Le dosage systématique de l’alcool déshydrogénase permettrait peut être de proposer, lors des cures de sevrage, un accompagnement psychologique plus spécifique en fonction du niveau de dépendance à l’alcool. Si en effet les étiologies concourant au développement d’un alcoolisme sont multiples, il est clair que métaboliquement notre organisme gère de manière très différente les effets escomptés par le patient (griserie, oubli, abrutissement, exaltation…). Une meilleurs connaissance de ces processus biochimiques permettrait une approche plus scientifique qui, en association avec la prise en charge psychosociale, pourrait déboucher sur des thérapeutiques plus adaptées et peut-être plus efficaces.

Génome et acquis

                   Tout le monde s’accorde aujourd’hui sur la non possibilité d’intégrer d’une manière ou d’une autre l’acquis au système génique, et donc l’incapacité de transmettre aux descendants les modifications opérées chez les géniteurs. Cependant les capacités d’adaptation à un milieu peuvent, par voie détournée, être si non transmis, du moins servir de facteurs sélectifs. Deux cas peuvent être évoqués : la transmission de l’acquis «connaissance », et la transmission de l’adaptabilité d’un système enzymatique.

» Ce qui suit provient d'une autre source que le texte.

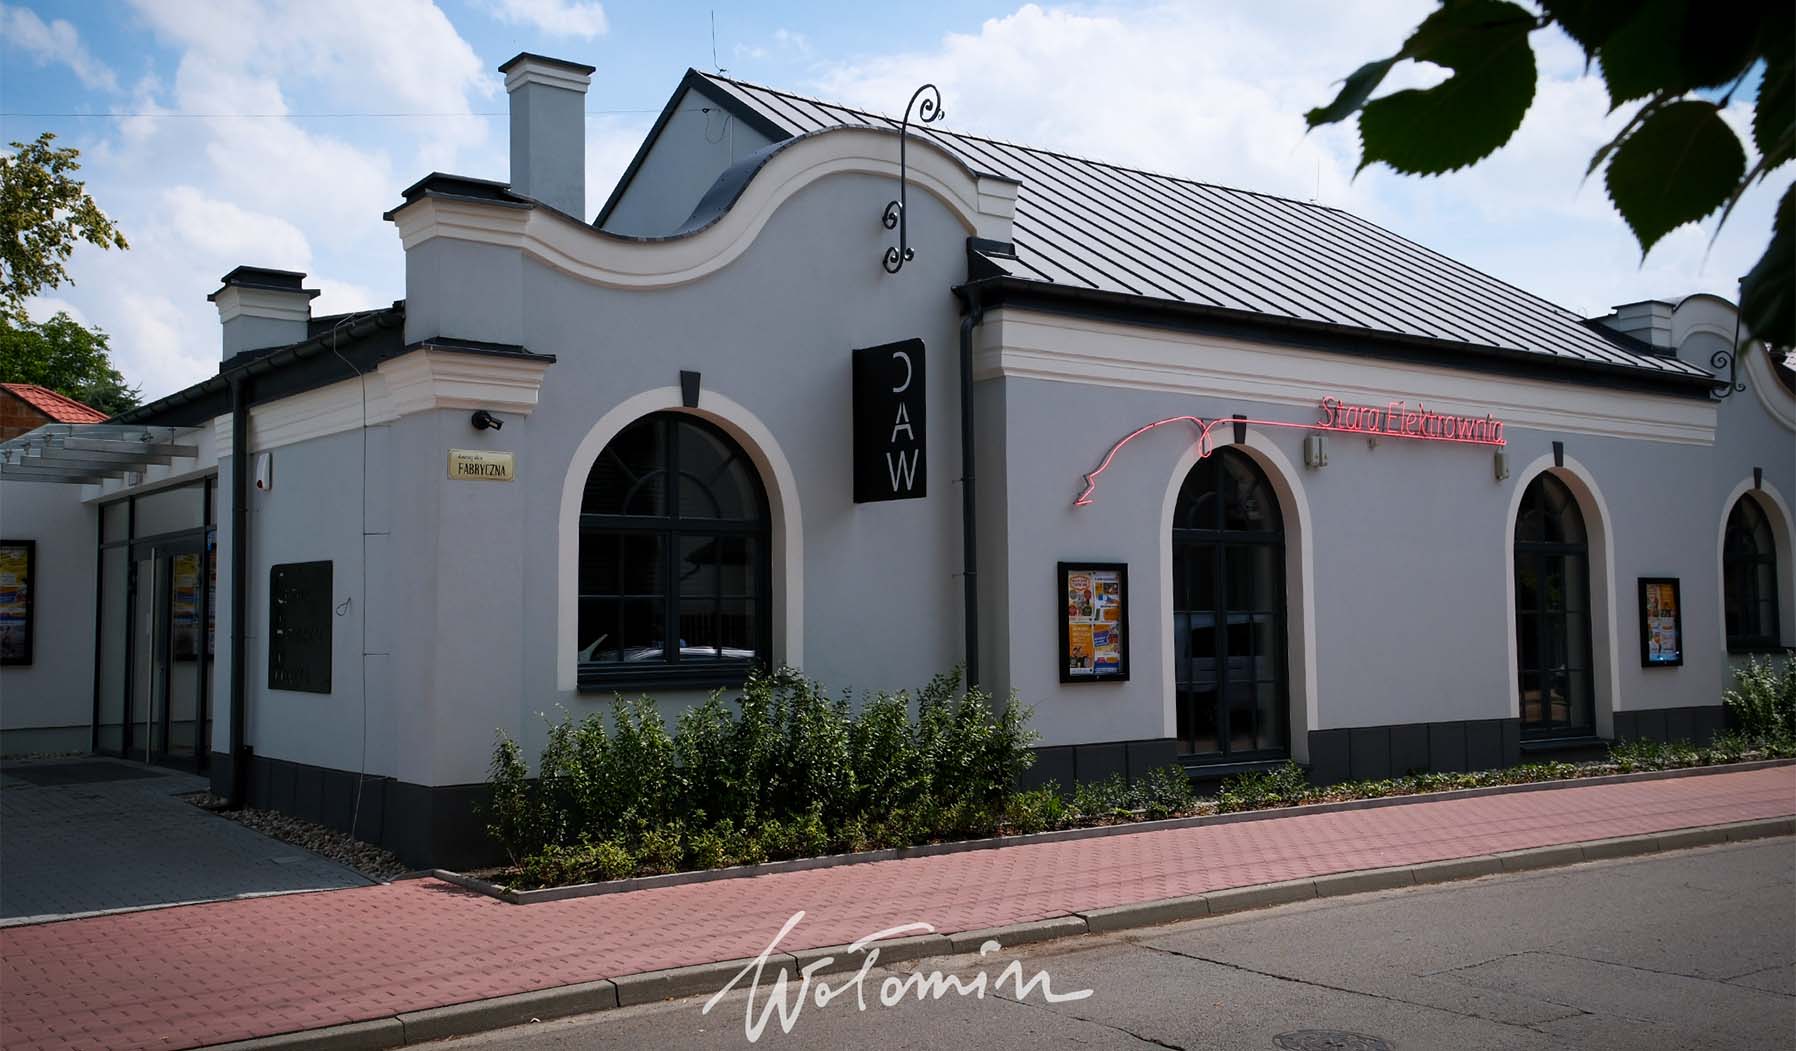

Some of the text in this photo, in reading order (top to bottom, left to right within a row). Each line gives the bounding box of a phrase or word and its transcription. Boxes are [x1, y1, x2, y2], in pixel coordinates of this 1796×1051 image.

[1318, 395, 1505, 442] Stara Elektrownia
[457, 462, 506, 476] FABRYCZNA

 Dans le premier cas, il est certain que l’acquis intellectuel des parents peut être, sous forme d’apprentissage, retransmis aux enfants. A l’opposé, il est complètement fou de vouloir, comme cela avait été évoqué aux Etats Unis il y a quelques années, croiser des prix Nobel entre eux. Ce type de transmission supposée de l’acquis ne peut conduire qu’à un échec. Cependant au cours de l’évolution il est clair que dans certaines conditions, la transmission de la connaissance (le feu par exemple) a amené à sélectionner les populations (amélioration de la survie par la lutte contre le froid et l’éloignement des prédateurs).

                 Dans le second cas la limitation des capacités innées d’une chaîne enzymatique (par exemple pour stocker ou fournir de l’énergie aux cellules) peut par son expression phénotypique freiner ou diminuer chez les individus qui en sont porteurs, l’adaptabilité au milieu (période de disette). Les chaînes enzymatiques sont présentes et fonctionnent normalement, mais leurs capacités d’adaptation sont limitées. Autrement dit, pour une stimulation identique l’acquis sera différent d’un sujet à l’autre, et risque donc de ce fait d’être un agent de sélection.

                      L’adaptabilité des espèces a leur milieu joue donc un rôle très important en sélectionnant des individus plus aptes à acquérir des moyens capables de les aider à s’intégrer dans leur écosystème. Très longtemps considérés comme négligeable ou de peu d’intérêt du fait de leur non intégration au génome, les processus adaptatifs doivent être reconsidérés et associés systématiquement aux études portant sur le développement ou à la régression d’une espèce.